(Free-text object descriptions)
----

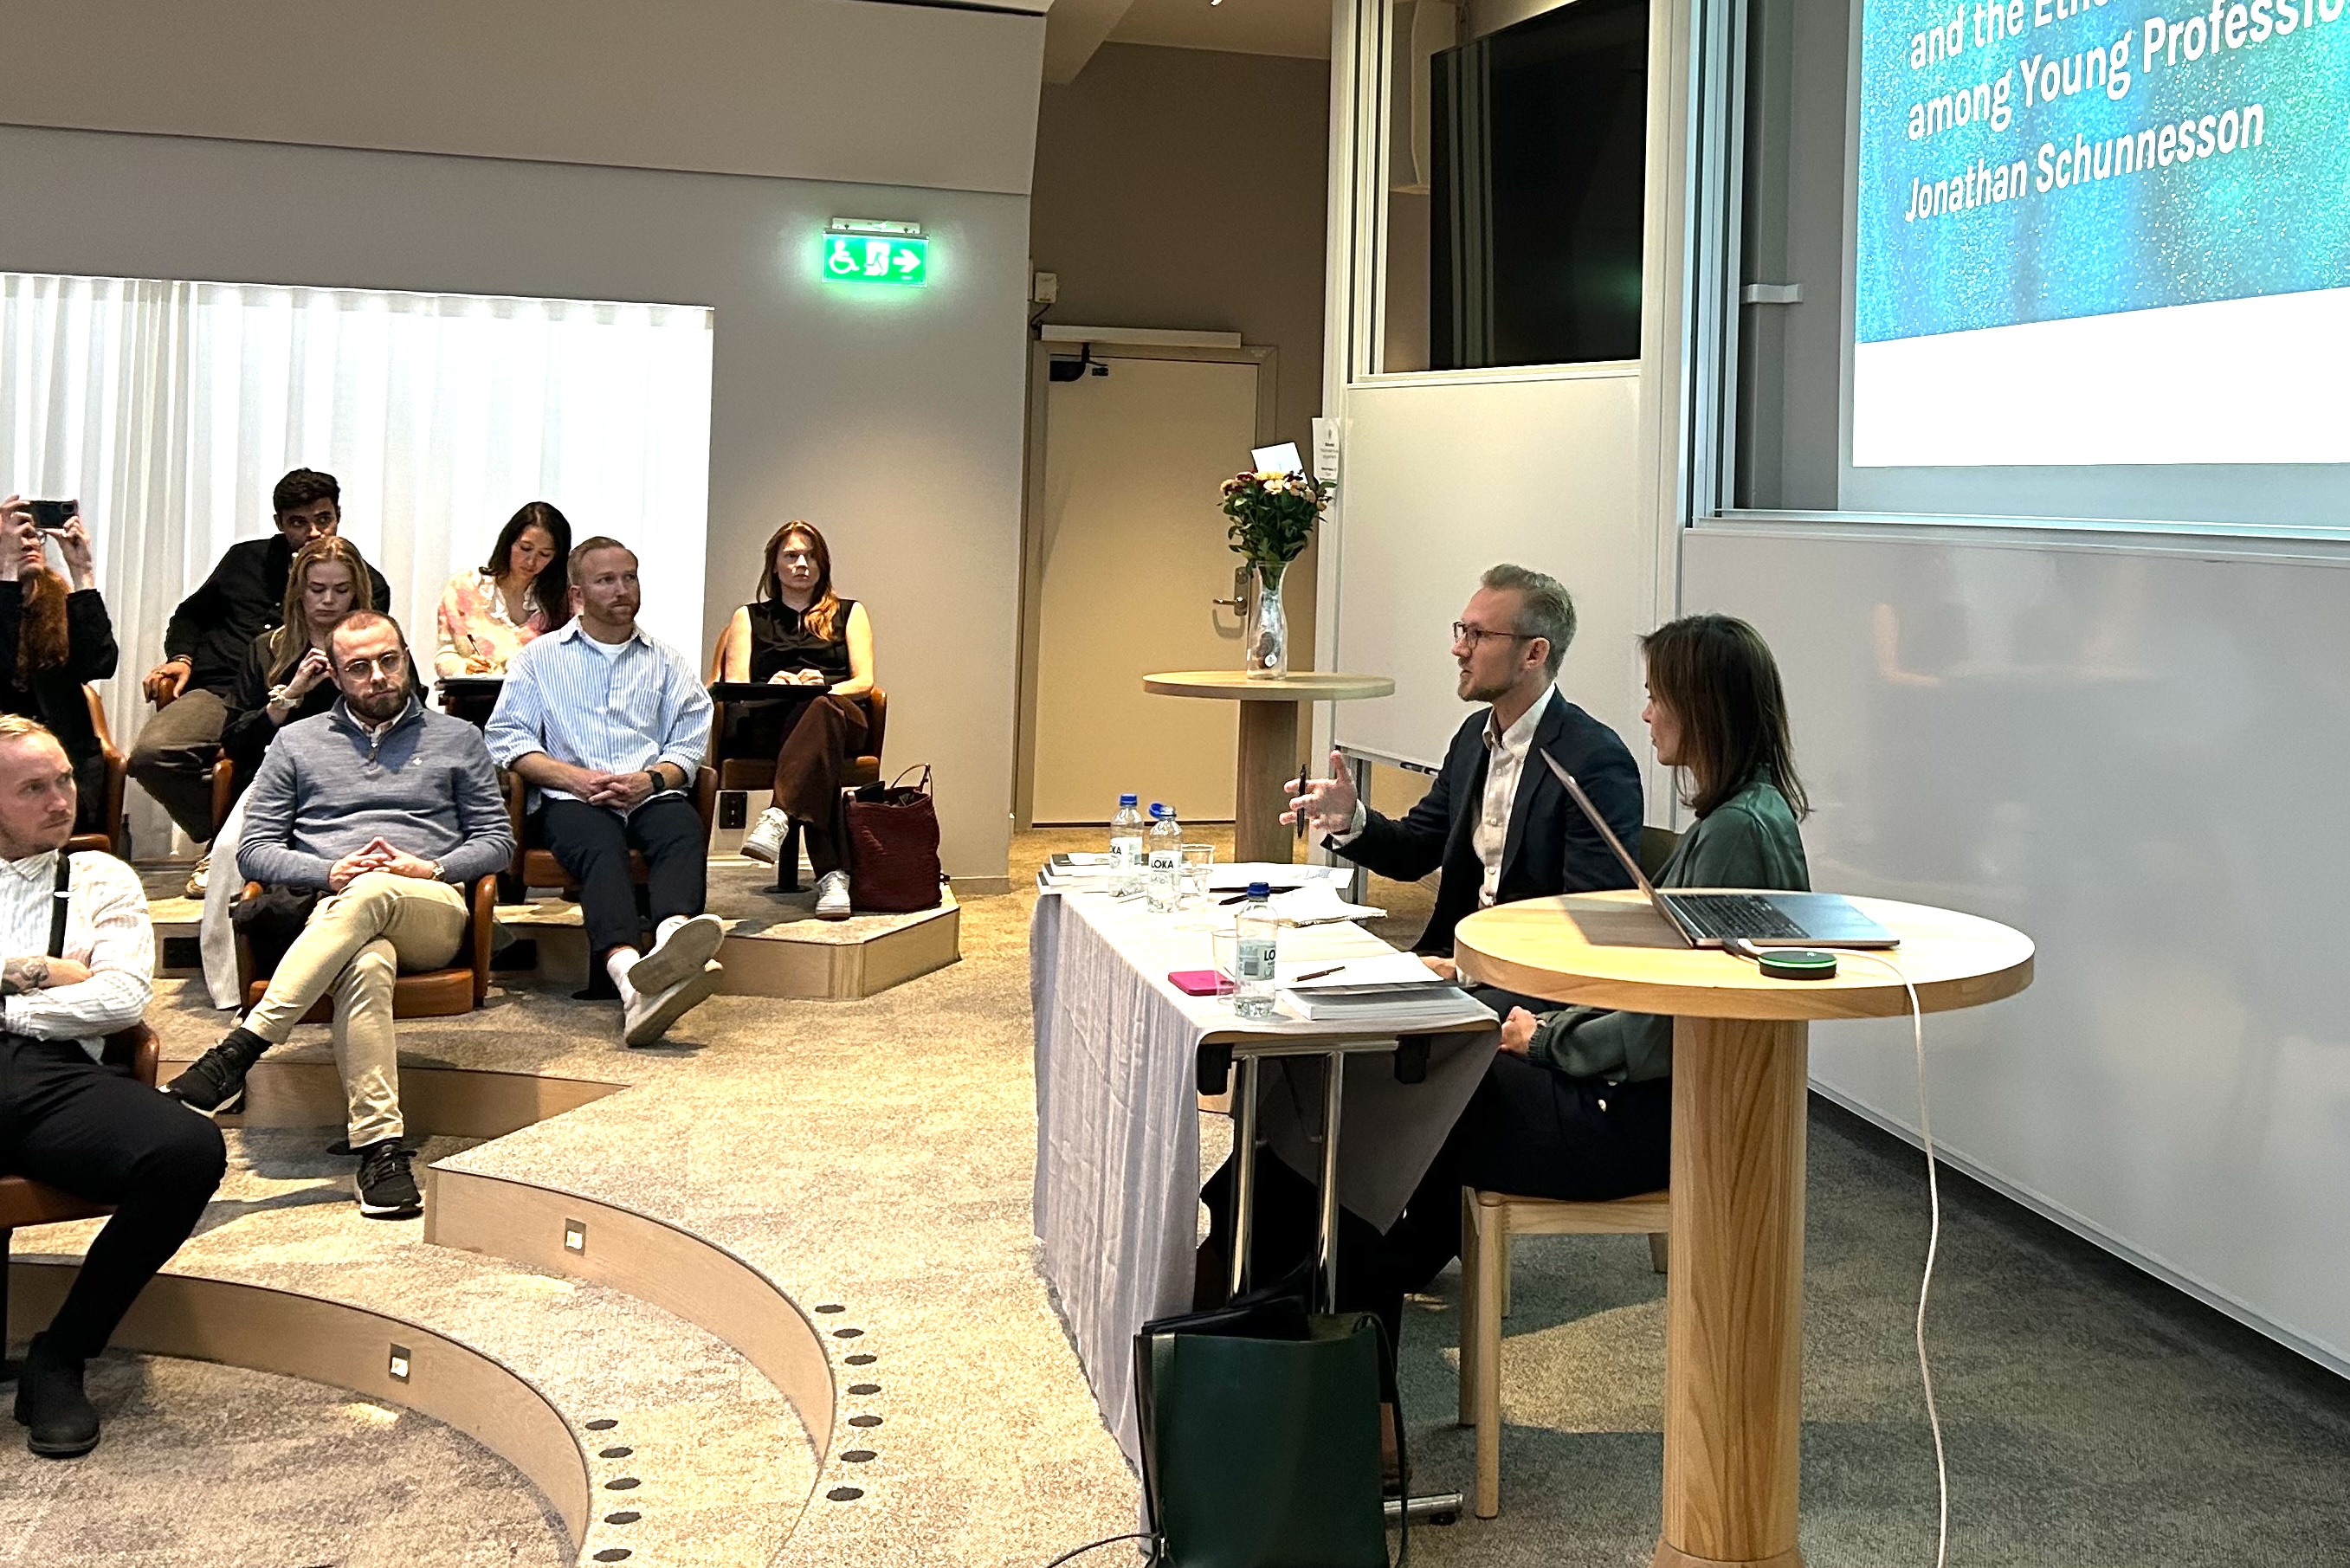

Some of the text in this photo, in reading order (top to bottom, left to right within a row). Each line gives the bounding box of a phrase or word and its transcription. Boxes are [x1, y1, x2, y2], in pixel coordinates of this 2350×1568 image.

[1910, 3, 1964, 70] and
[1972, 0, 2024, 48] the
[1908, 68, 2012, 140] among
[2019, 29, 2132, 107] Young
[1905, 103, 2264, 223] Jonathan Schunnesson
[1151, 860, 1174, 869] LOKA

----

### YOUR ASSIGNMENT
Write out the entries again word for word. Do not include the pictures.

### RESPONSE TO THIS EXERCISE
Some of the text in this photo, in reading order (top to bottom, left to right within a row). Each line gives the bounding box of a phrase or word and its transcription. Boxes are [x1, y1, x2, y2], in pixel coordinates of this 2350×1568 image.

[1910, 3, 1964, 70] and
[1972, 0, 2024, 48] the
[1908, 68, 2012, 140] among
[2019, 29, 2132, 107] Young
[1905, 103, 2264, 223] Jonathan Schunnesson
[1151, 860, 1174, 869] LOKA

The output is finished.